Even at the time that seemed an appalling decision. It cemented the notion that settlement offers were made on a "take it or leave it" basis and showed the Crown was not equipped to handle the tensions and disruptions in tribal life its interventions cause.

This year Edwards applied to the Maori Land Court for a determination on Whakatohea's customary rights to its coastline, including "rangatiratanga and kaitiakitanga". It is the first application under the Foreshore and Seabed Act, and poses real challenges to that legislation.

A mighty champion has fallen.

3 Comments:

Blogger Bomber said...

Good summation for Claude and his work, Adam. His daughter, Adrianna, is active in the Maori Party in Opotiki and will hopefully advance Claude's vision.

FYI: My father is now on the Trust Board and must help sort out the problems within. I was always against the Crown's tokenistic compensation deal, but those who were willing to advance it in the face of opposition and from a starting point of nothing needed courage to do so. I have heard the term "Whakatohea shuffle" used to describe the back-of-the-queue system!

3:50 pm  
Blogger David Farrar said...

What alternative was there for the Government apart from to put them at the back of the queue?

Take it or leave it only years of negotiation and compromise on many points. But once both sides have signed off on a deal, failure to endorse it is a big issue.

If one just headed straight back to the negotiating table, then the message it would send out to every other Iwi is negotitate for the best deal you can get, then reject ratifying it, and then start negotiating again for a better deal and you can't lose.

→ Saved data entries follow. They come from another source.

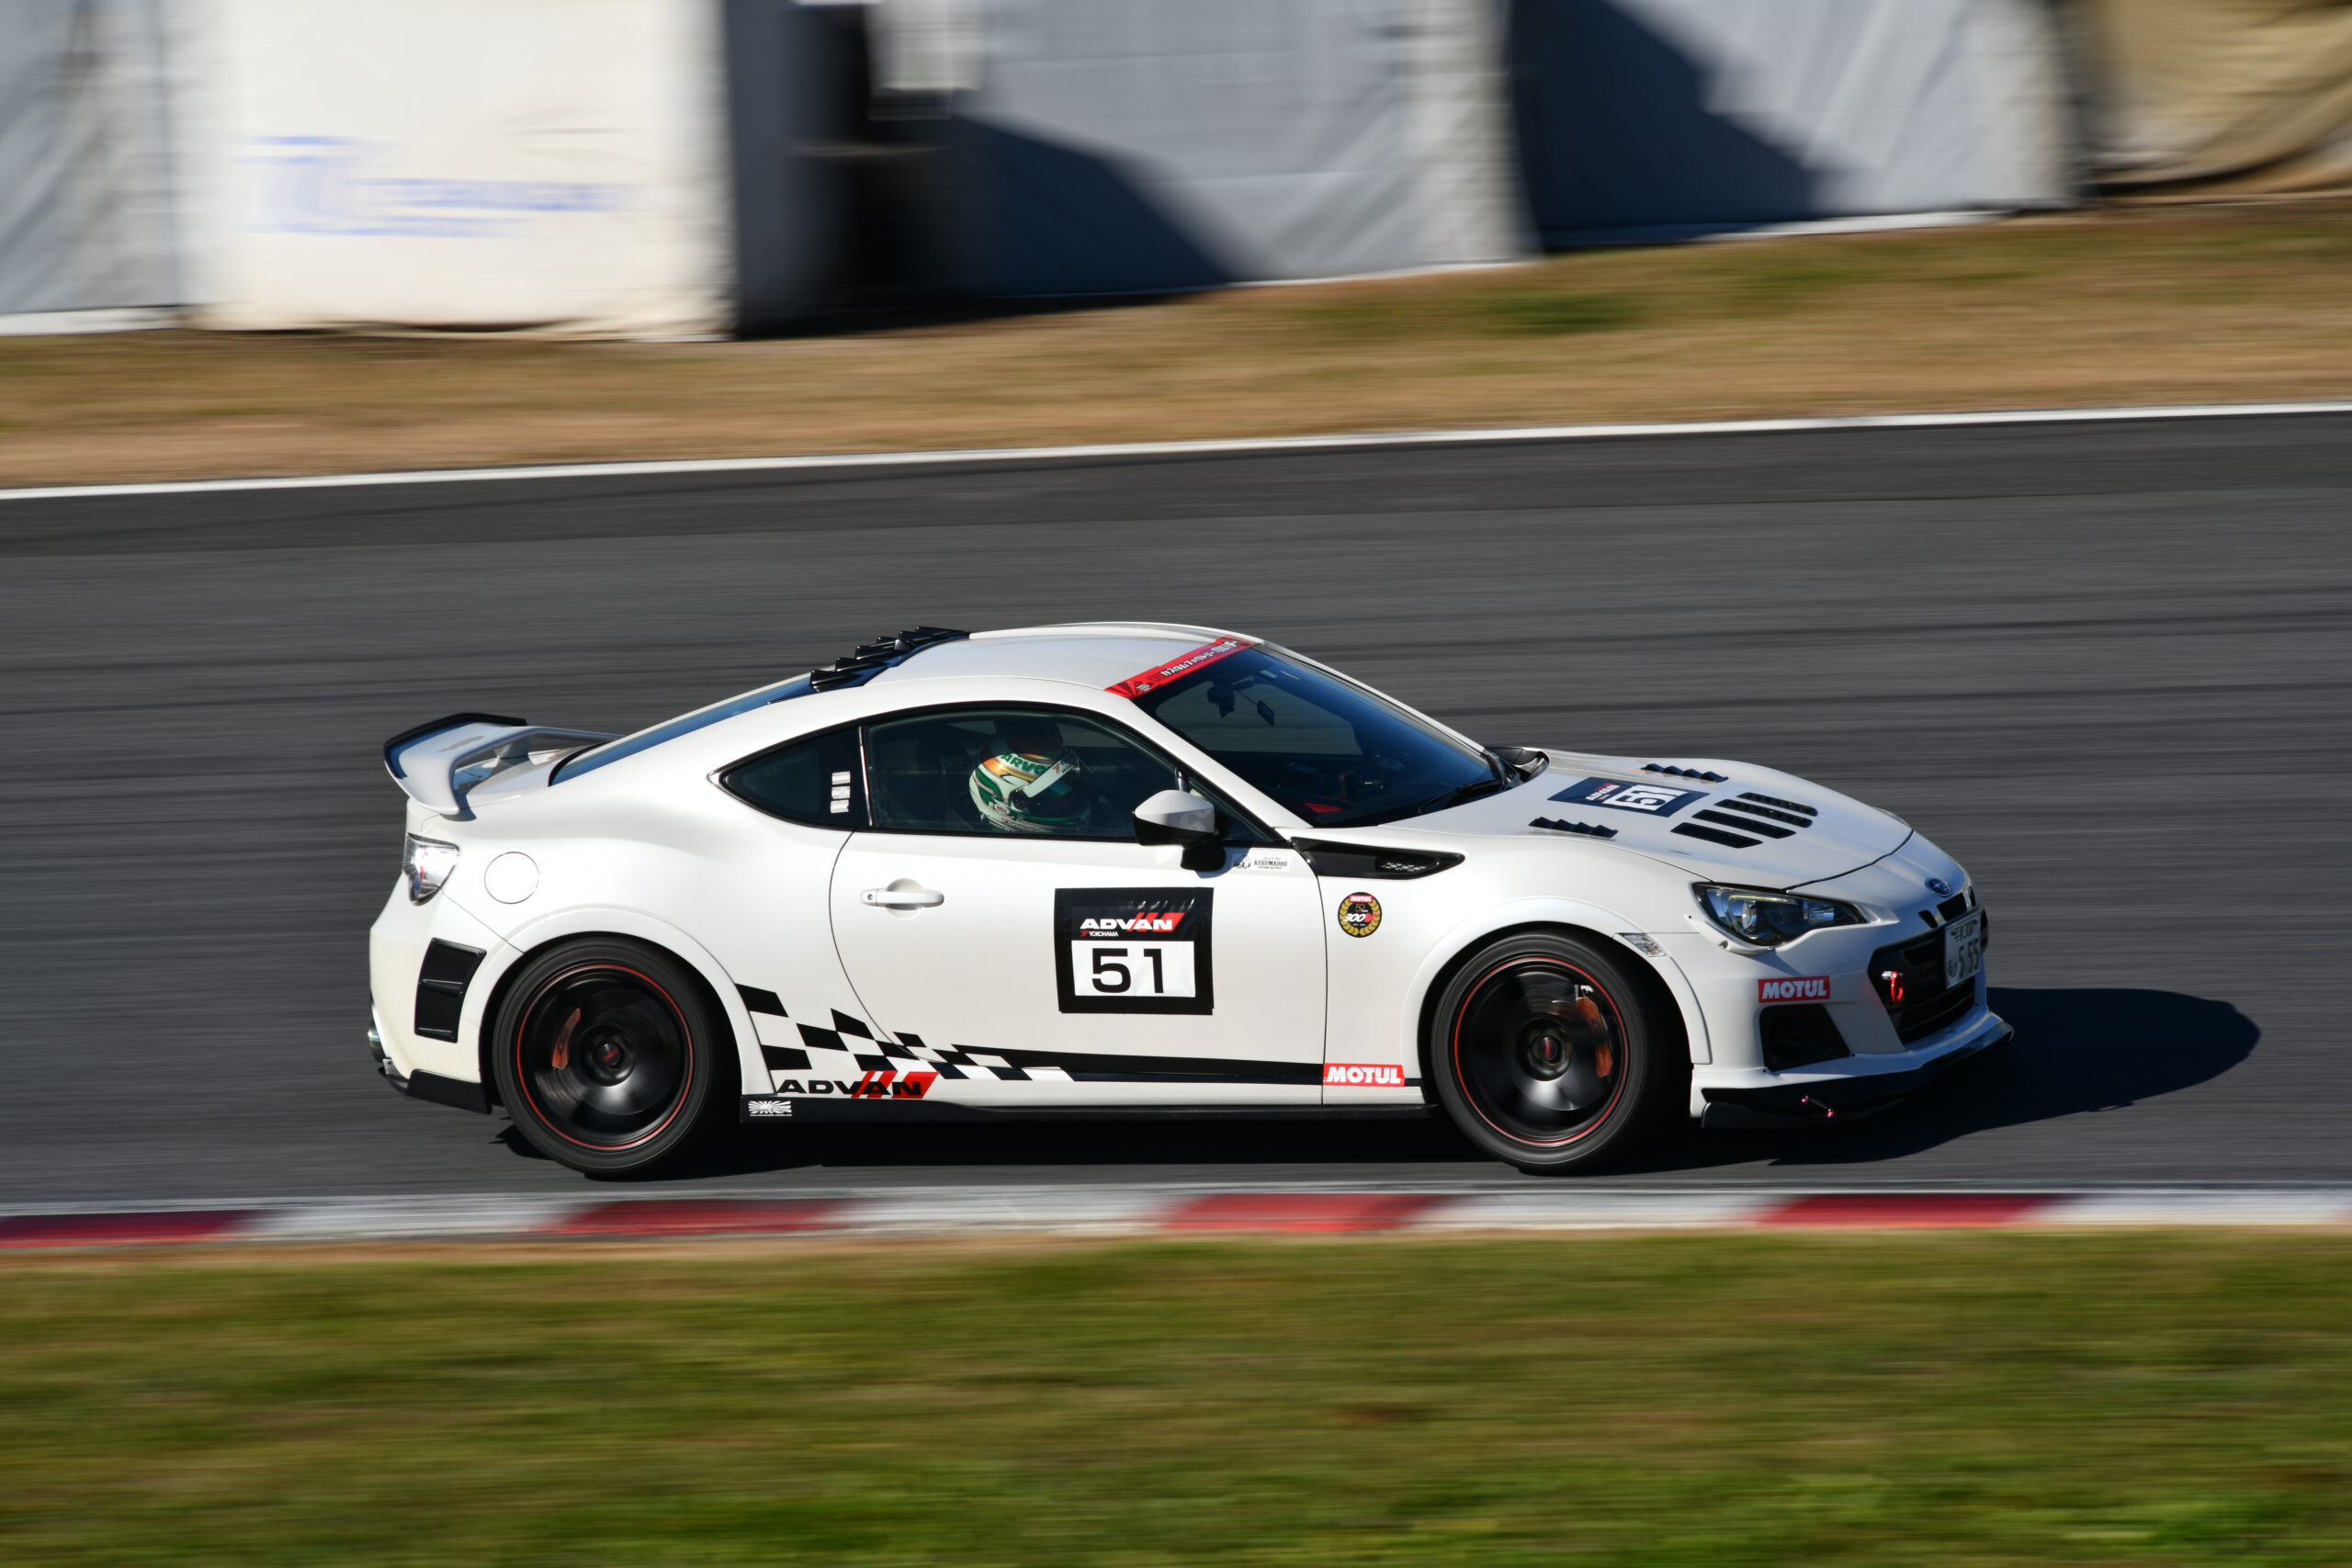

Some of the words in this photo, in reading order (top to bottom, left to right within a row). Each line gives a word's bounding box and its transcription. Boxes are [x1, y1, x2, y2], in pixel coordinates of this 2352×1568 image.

[1615, 790, 1679, 806] 51
[1080, 919, 1173, 930] ADVAN
[1343, 913, 1376, 923] 300V
[1091, 948, 1164, 994] 51
[1762, 980, 1826, 999] MOTUL
[1326, 1066, 1401, 1084] MOTUL
[776, 1079, 922, 1095] ADVAN
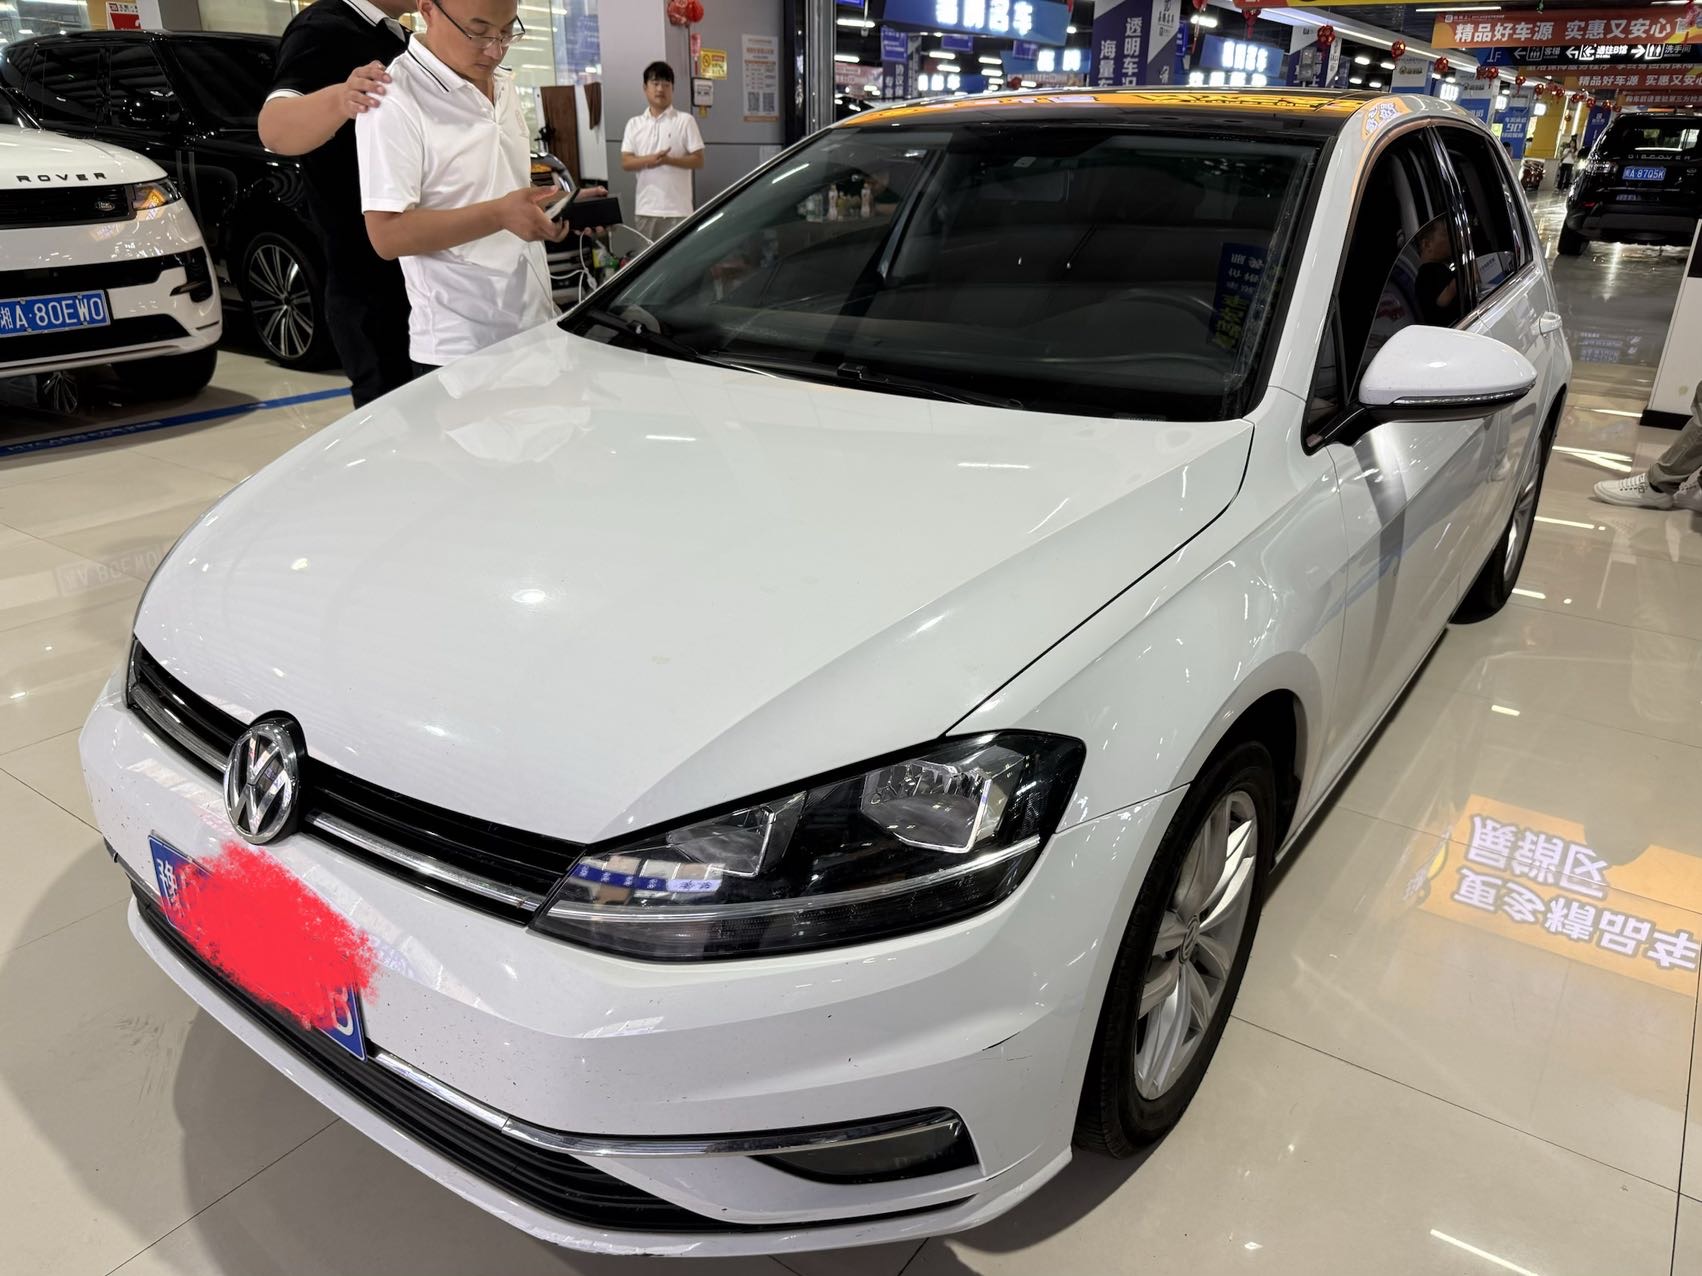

Graham as I recall it did not sulk. He merely said that they will need a more generous Minister than him, as that was his best offer.

10:05 pm  
Blogger Adam said...

David. Two points.
1. When the Whakatohea negotiation broke down, the Crown's response was "ungrateful natives, always fighting, their fault, no fault on our part," rather than asking whether the negotiation process was flawed. I contend that the process, and in particular the culturally tin-eared bureacratic Office of Treaty Settlements, have major failings which need to be addressed if we are to have sustainable long term settlements.
2. This notion that "iwi" will refuse to ratify settlements as a mechanism to ratchet them up is not a real world scenario. I can understand that someone from your side of the political fence may have a different view of the nitty gritty of industrial relations, but that's not the way ratification processes work. The art of negotiation is to not go back to the membership with a proposal they will reject. Apart from the personalities involved, the mistake with Whakatohea was probably trying to rush a deal through before the election.